§ Problem to solve: Repeat each entry as written and leave the images out of the copy.

(Collected data entries)

========================================================================

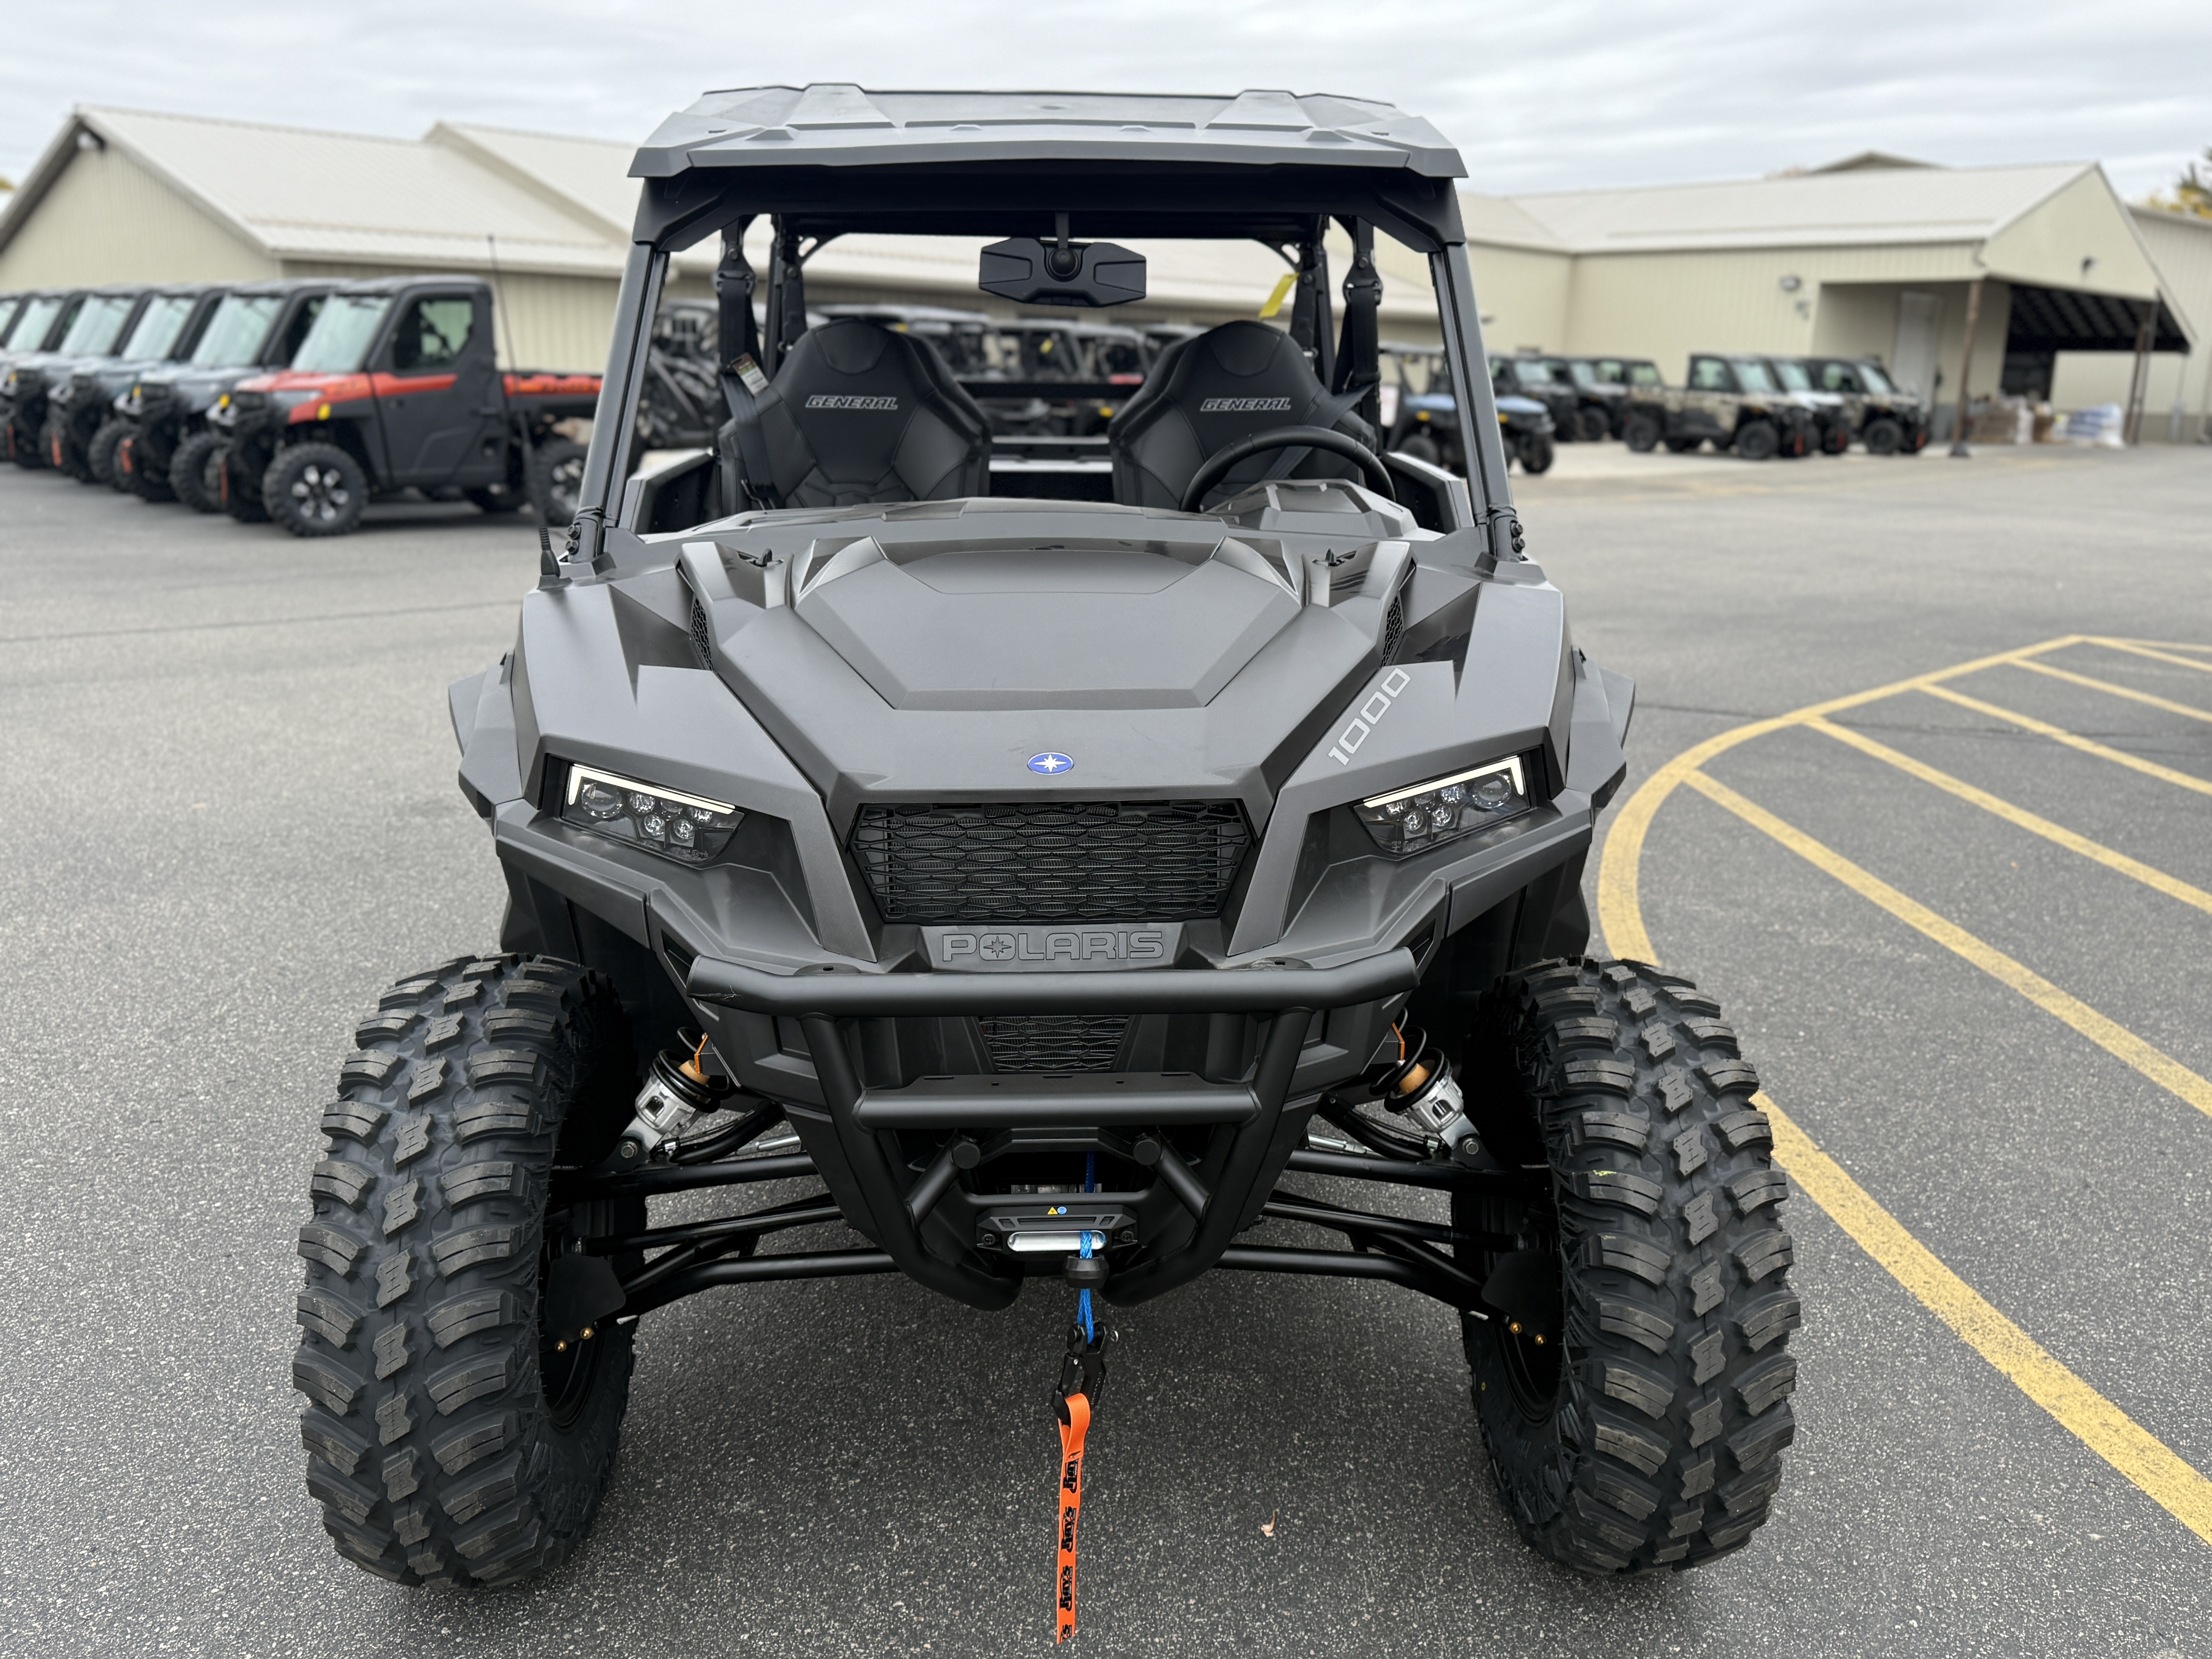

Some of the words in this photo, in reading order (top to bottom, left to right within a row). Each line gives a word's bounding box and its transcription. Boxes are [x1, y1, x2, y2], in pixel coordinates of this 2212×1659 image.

[805, 395, 898, 410] GENERAL
[1200, 397, 1291, 411] GENERAL
[1328, 668, 1410, 766] 1000
[942, 931, 1164, 962] POLARIS

========================================================================

§ Result of this exercise:
Some of the words in this photo, in reading order (top to bottom, left to right within a row). Each line gives a word's bounding box and its transcription. Boxes are [x1, y1, x2, y2], in pixel coordinates of this 2212×1659 image.

[805, 395, 898, 410] GENERAL
[1200, 397, 1291, 411] GENERAL
[1328, 668, 1410, 766] 1000
[942, 931, 1164, 962] POLARIS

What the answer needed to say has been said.